2012年10月31日 星期三

Bernard Buffet: New York


It is a city of geometric heights, a petrified desert of grids and lattices, an inferno of greenish abstraction under a flat sky, a real Metropolis from which man is absent by his very accumulation; the implicit morality of our new Greuze is that we are distinctly happier in Belleville than in Manhatten.
This is a folklore New York rather like Bizet's Spain or the Italy of the Theatre Mogador: an exoticism which confirms the Frenchman in the excellence of his habitat.

According to Buffet, the architecture of this city is uniformly longiform and quadrangular. Here the grid reigns under its most ill-favoured aspect: the contour, this black line which encloses everything, obviously intends to expel man from the city. 

By obsessively multiplying the window, by inlaying it with black, Buffet empties it, destroys it, makes the living edifice into a dead surface, as if number, unless it is swarming, must fatally establish an abstract order.
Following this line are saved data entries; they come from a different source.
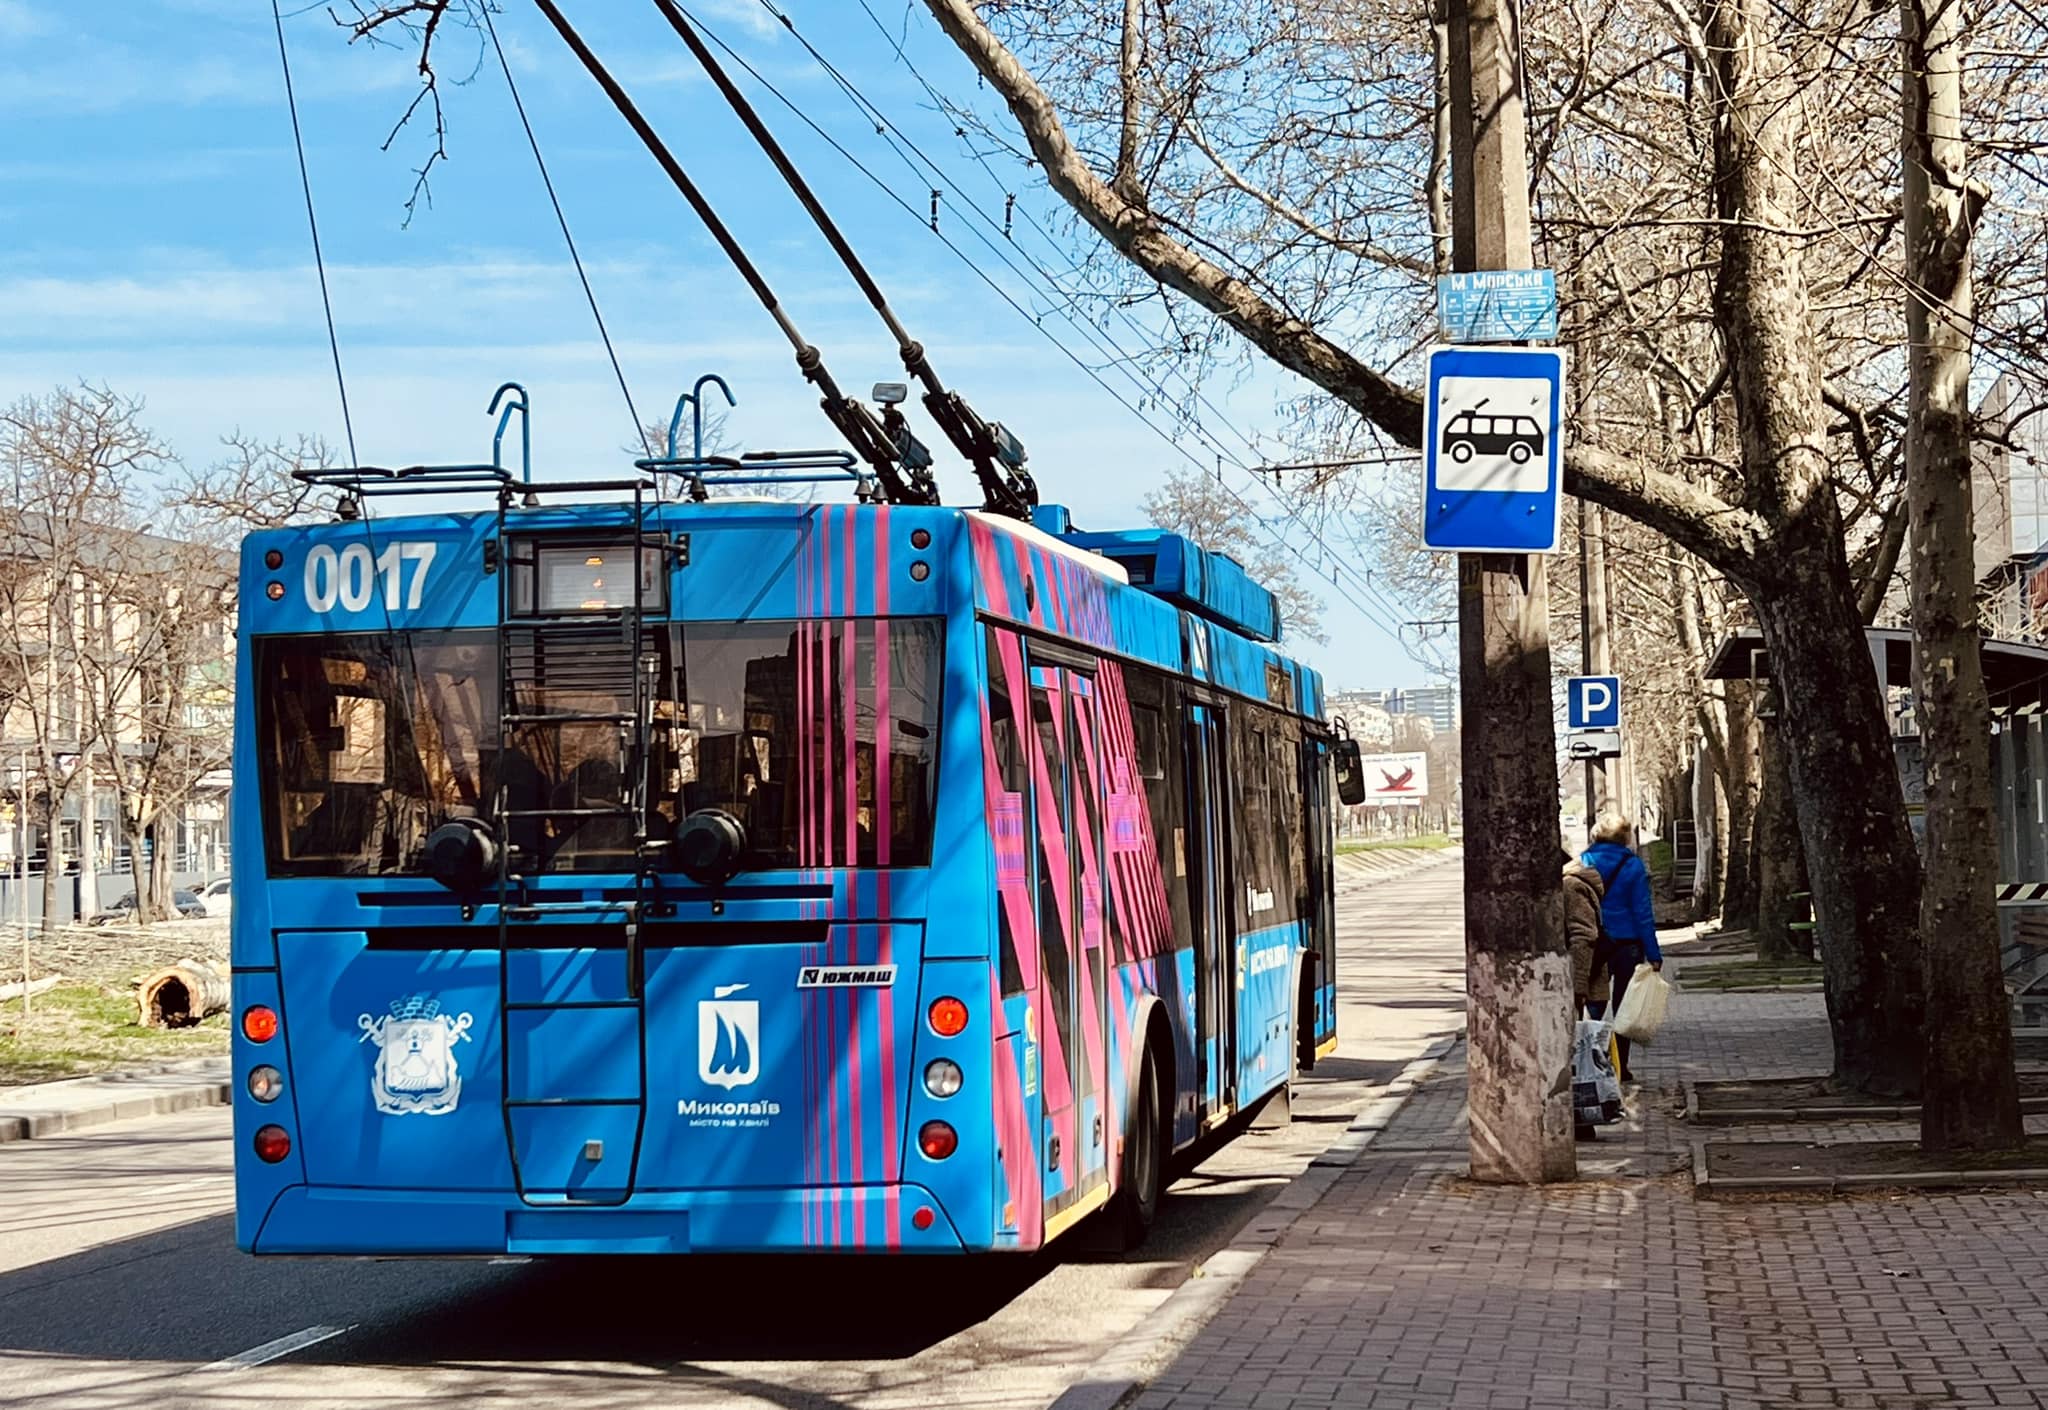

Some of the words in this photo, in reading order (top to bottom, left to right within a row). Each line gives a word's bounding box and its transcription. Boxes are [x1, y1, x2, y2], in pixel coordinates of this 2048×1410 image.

[304, 541, 437, 613] 0017
[1582, 682, 1611, 723] P
[822, 970, 892, 984] ЮЖМАШ
[677, 1099, 780, 1115] Миколаїв
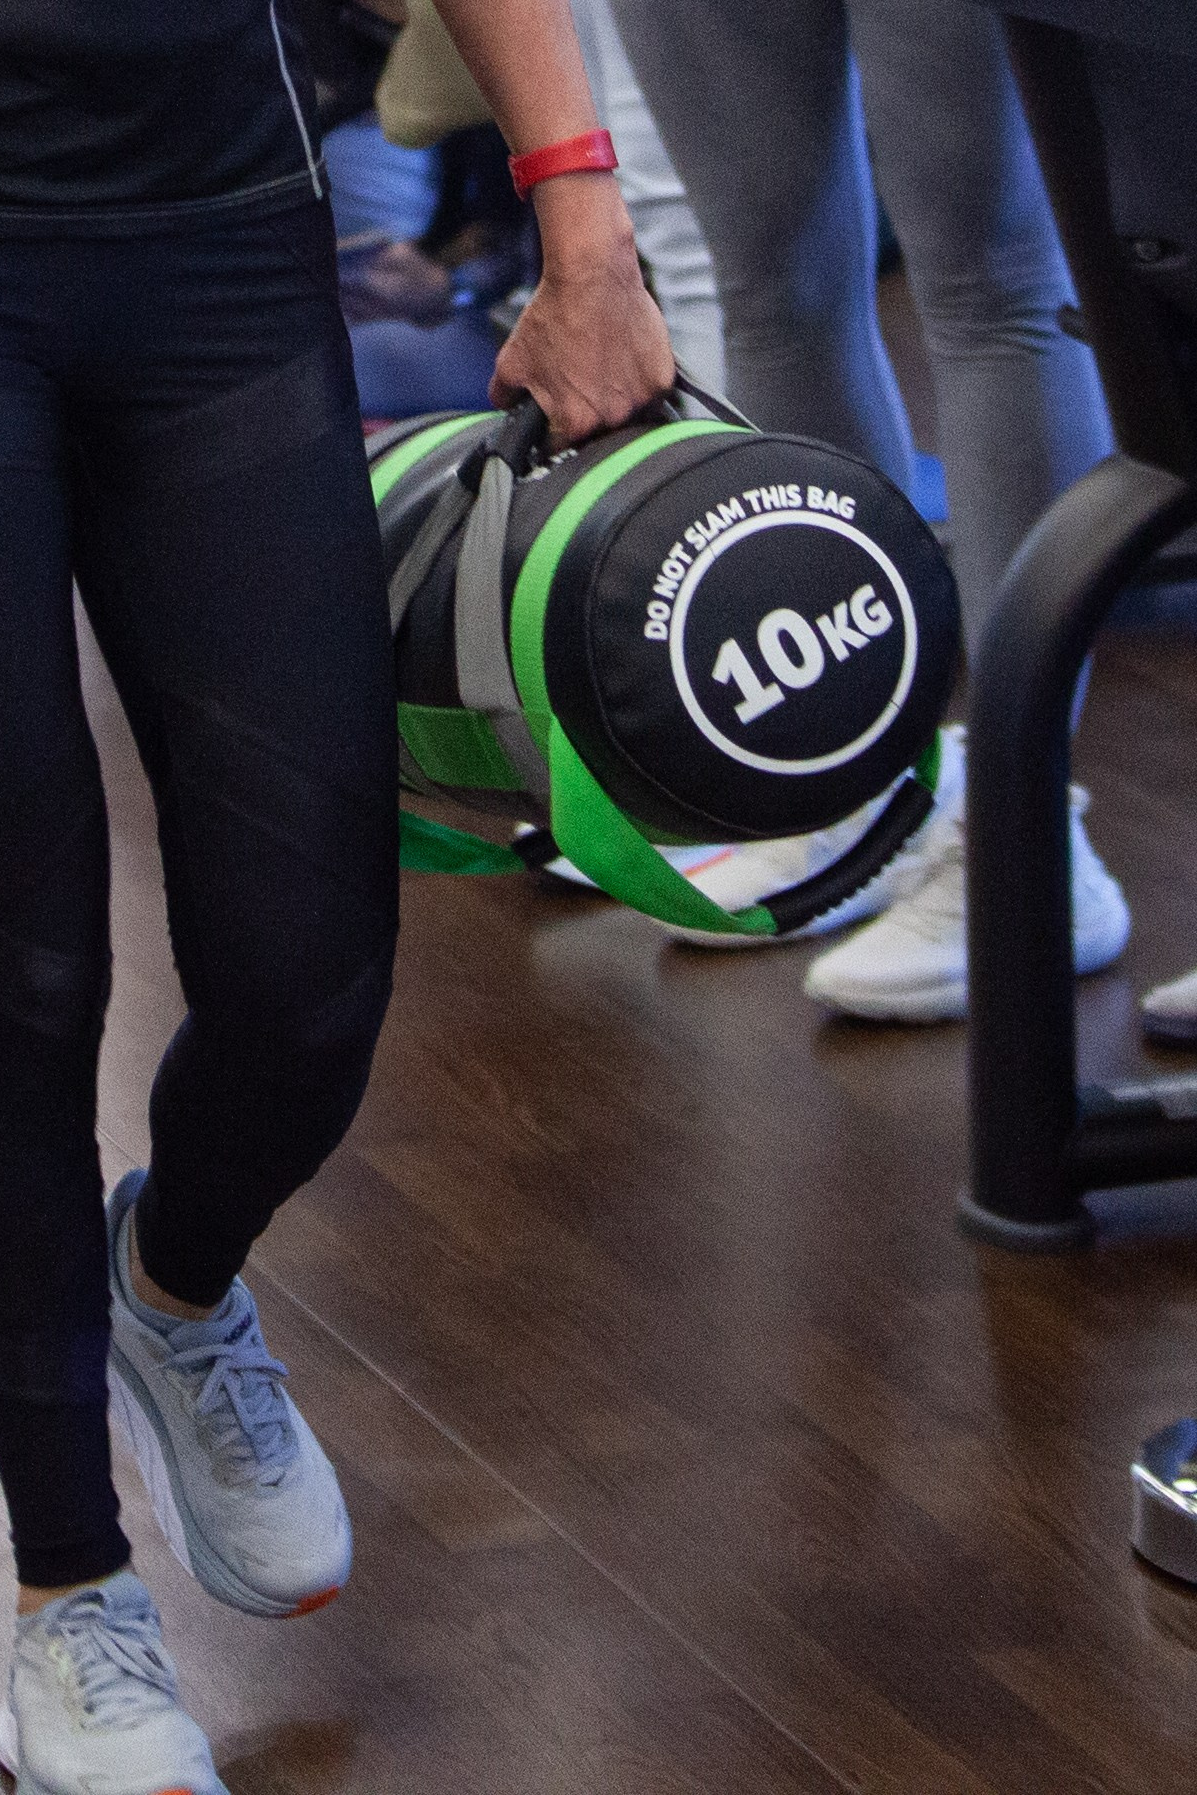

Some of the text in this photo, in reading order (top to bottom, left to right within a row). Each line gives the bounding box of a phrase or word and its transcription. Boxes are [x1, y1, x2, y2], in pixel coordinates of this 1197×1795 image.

[643, 483, 856, 641] DO NOT SLAM THIS BAG
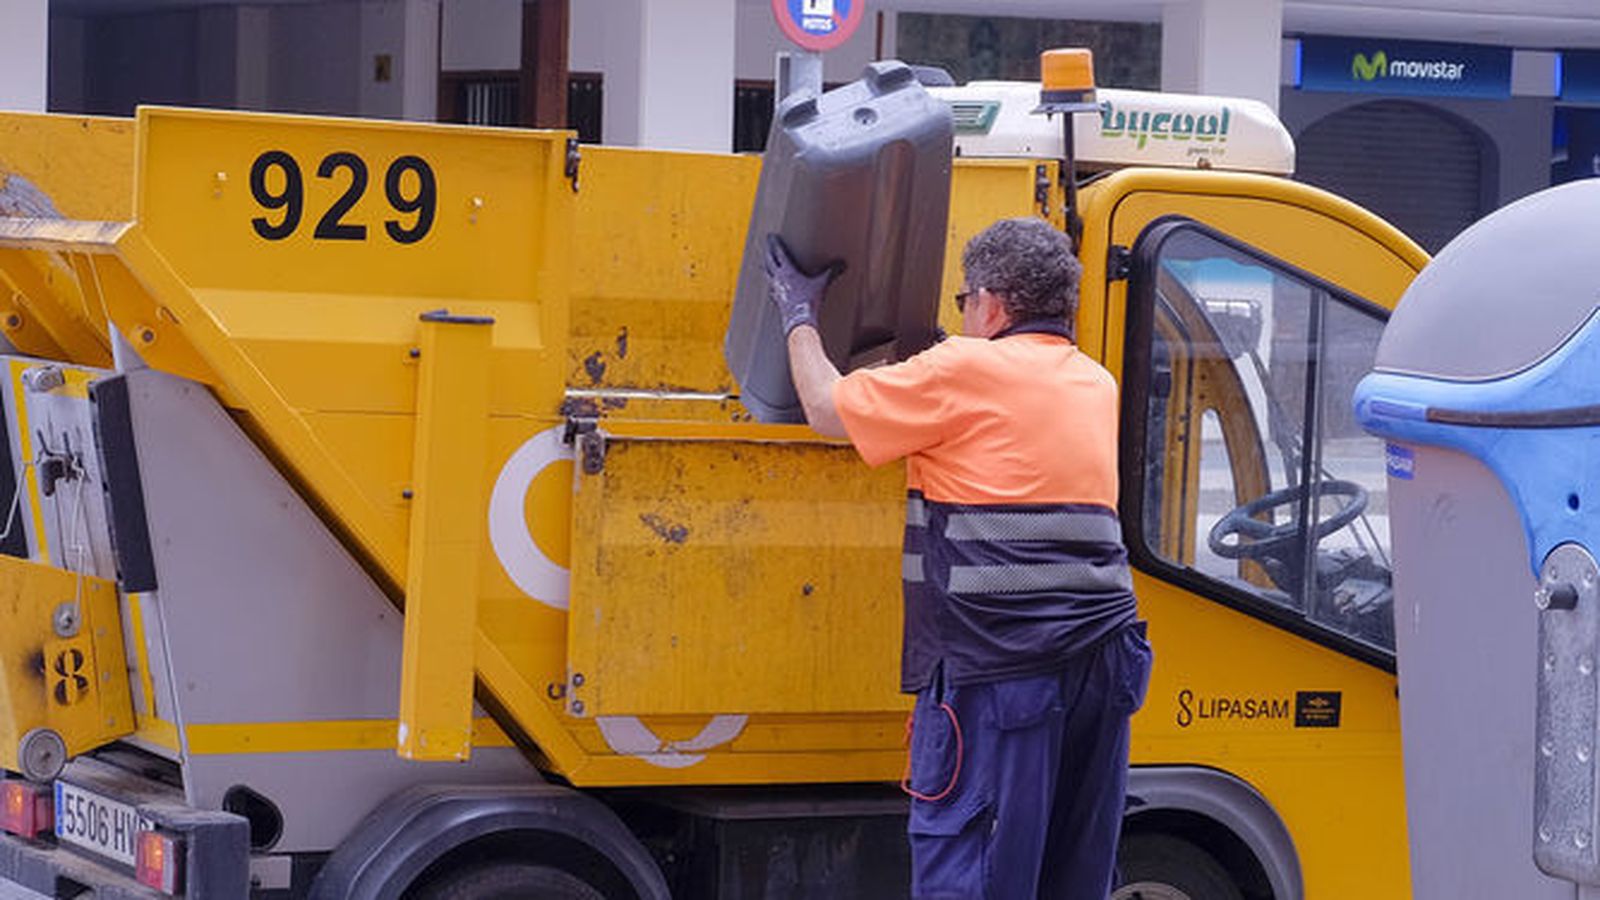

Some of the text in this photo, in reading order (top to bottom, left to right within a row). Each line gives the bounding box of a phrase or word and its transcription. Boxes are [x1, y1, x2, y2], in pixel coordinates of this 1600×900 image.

[1390, 60, 1465, 79] movistar
[1101, 100, 1230, 150] bycool
[249, 150, 437, 244] 929
[1199, 698, 1290, 719] LIPASAM
[65, 792, 109, 847] 5506
To paint New York from above, at the top, is to rely once again on the first spiritualist myth, i.e. that geometry kills man. In his way, Buffet follows in the wake of our venerable moralists, for whom the refrigerator is antipathetic to the soul. 
The intentional desolation of his New York-what can it mean except that it is bad for man to live in groups, that number kills the spirit, that too many bathrooms are harmful to the spiritual health of a nation, that a world is too 'modern' is a sinister world, that we are bored when we are comfortable, in short according to the most reactionary remark of human history, the alibi of all exploitations, that 'money doesn't make happiness?' It is not New York which is terrible, it is work. 

Roland Barthes: Buffet Finishes off New York

2012年10月15日 星期一

Dutch still life

Reading Roland Barthes: A Barthes Reader lately:)

There is an essay about Dutch still life (the title is the world as object)



Consider the Dutch still life: the object is never alone, and never privileged: it is merely there, among many others, painted between one function and another, participating in the disorder of the movements which have picked it up, put it down-in a word, utilized. There are objects whenever you look, on the tables, the walls, the floor: pots, pitchers overturned...All this is man's space: in it he measures himself and determines his humanity, starting from the memory of his gestures: his chronos is covered by functions, there is no authority in his life but one inprints upon the inert by shaping and manipulating it. 



The universe of fabrication obviously excludes terror, as it excludes style. The concern of Dutch painters is not to rid the object of its qualities in order to liberate its essence but, quite the contrary, to accumulate the secondary vibrations of appearance, for what must be incorporated into human space are layers of air, surfaces, and not forms or ideas.